If there is no compilation error, GCC will generate a a.out file in the current directory, and of course you can use the –o option to give the generated file a different name, like GCC–PG test.c–o test, GCC generates an executable named Test, and at the command line, enter [ Linux/home/test]$./test, you can execute the program, and remember to add./Otherwise the program may appear to be executing, but there is no output.

2. Execute your application to generate data for gprof analysis. Inside the command line, enter:
Citation:

[Linux/home/test] $a. Out
Main () function ()
+---call B () function
+---call a () function
+---call C () function
[linux/home/test]$

You will see a gmon.out file in the current directory, which is used for gprof analysis.

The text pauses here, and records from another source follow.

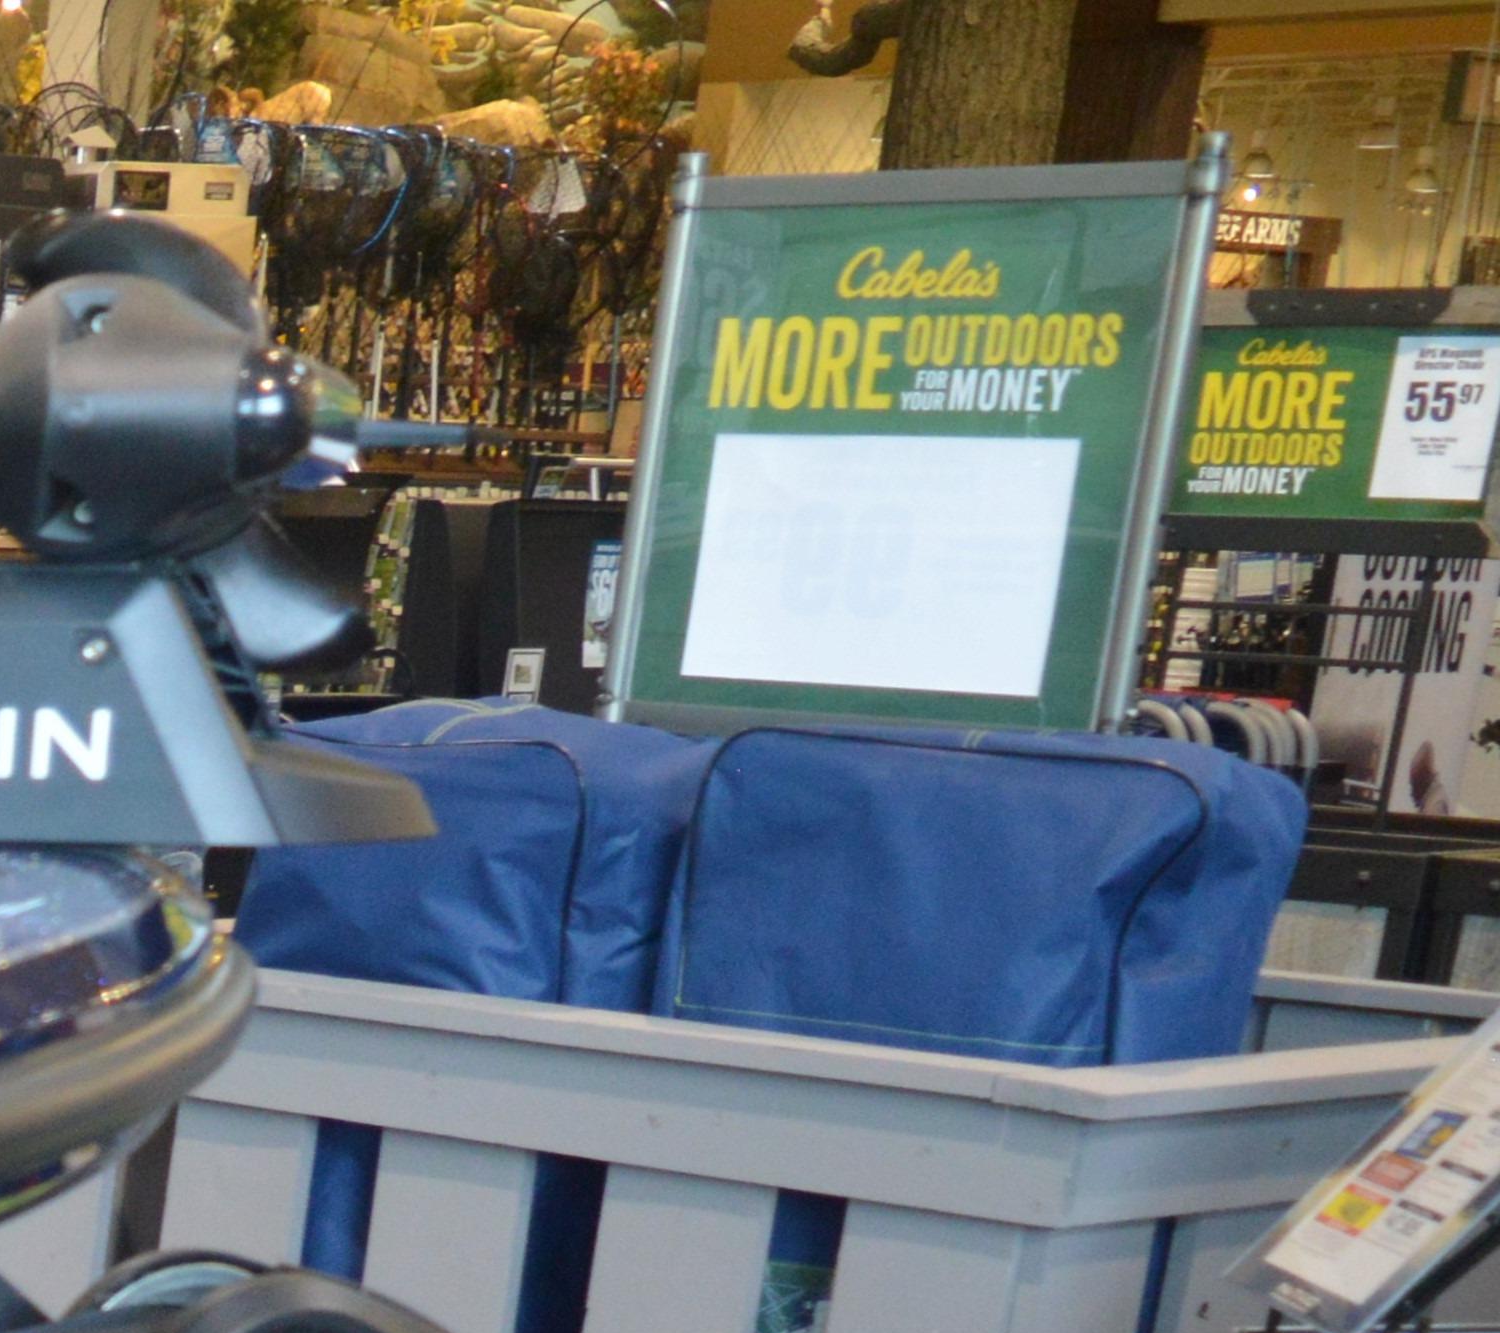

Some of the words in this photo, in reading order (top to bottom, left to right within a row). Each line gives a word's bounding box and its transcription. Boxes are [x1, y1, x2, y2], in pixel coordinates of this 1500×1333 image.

[837, 246, 1000, 298] Cabela's
[708, 315, 904, 410] MORE
[903, 312, 1124, 367] OUTDOORS
[1238, 338, 1327, 365] Cabela's
[915, 369, 949, 390] FOR
[900, 391, 946, 411] YOUR
[1197, 371, 1355, 429] MORE
[1189, 432, 1344, 466] OUTDOORS
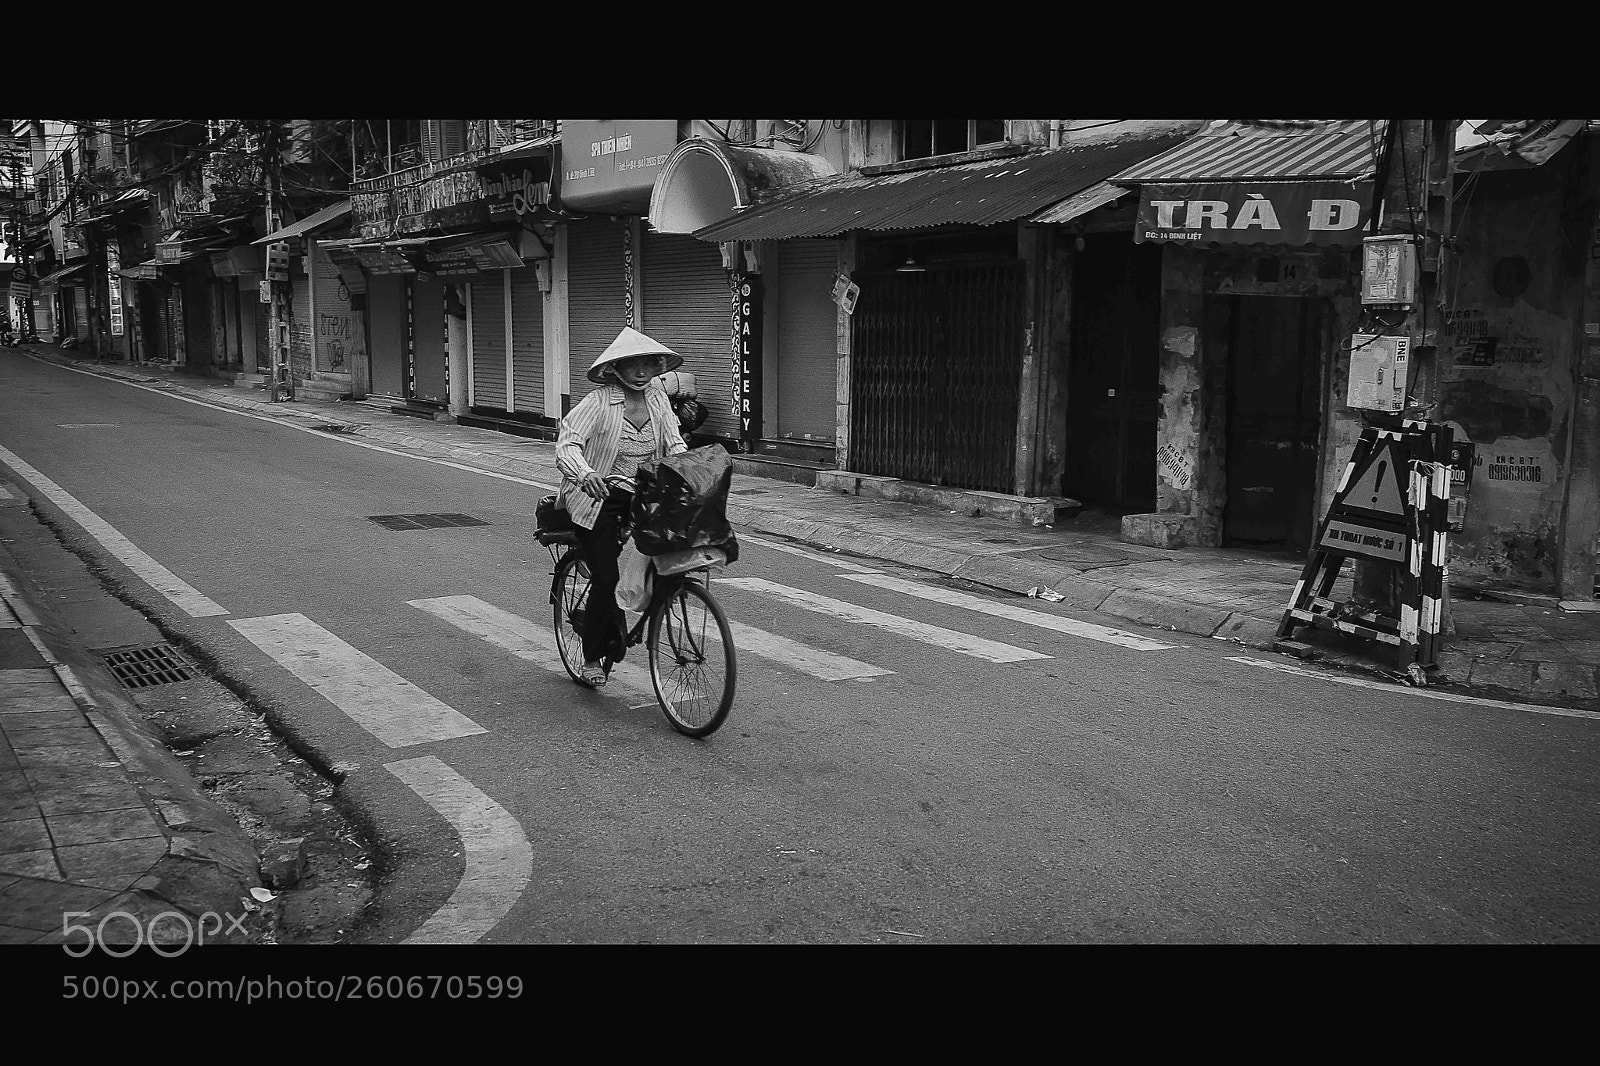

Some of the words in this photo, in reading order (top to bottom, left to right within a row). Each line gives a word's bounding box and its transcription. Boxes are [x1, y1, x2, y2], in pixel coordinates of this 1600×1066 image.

[1150, 193, 1282, 230] TRÀ
[1284, 264, 1296, 280] 14
[1396, 341, 1407, 362] BNE
[742, 302, 751, 432] GALLERY

3. Use the GPROF program to analyze the data generated by your application.
Inside the command line, enter:
Citation:

[linux/home/test]$ gprof-b a.out gmon.out | Less

Because the Gprof output information is more, here uses the less command, this command lets us look up and down the arrow key to see GPROF produces the output, | Represents the output of the Gprof-b a.out gmon.out as input to the less. Here are some of the details that I've extracted from the gprof output.
Citation:

Flat Profile:

Each sample counts as 0.01 seconds.
No time accumulated

% Cumulative Self Self total
Time seconds seconds calls Ts/call Ts/call name
0.00 0.00 0.00 1 0.00 0.00 A
0.00 0.00 0.00 1 0.00 0.00 B
0.00 0.00 0.00 1 0.00 0.00 C

Call graph

Granularity:each sample hit covers 4 byte (s) No time propagated

Index% time self children called name
0.00 0.00 1/1 B [2]
[1] 0.0 0.00 0.00 1 A [1]
-----------------------------------------------
0.00 0.00 1/1 Main [10]
[2] 0.0 0.00 0.00 1 B [2]
0.00 0.00 1/1 C [3]
0.00 0.00 1/1 A [1]
-----------------------------------------------
0.00 0.00 1/1 B [2]
[3] 0.0 0.00 0.00 1 C [3]
-----------------------------------------------

Index by Function name

[1] A [2] b [3] C

From the above output we can clearly see that main calls the B function, while the B function calls the A and C functions respectively. Since our function simply outputs a string, the time spent on each function is 0 seconds.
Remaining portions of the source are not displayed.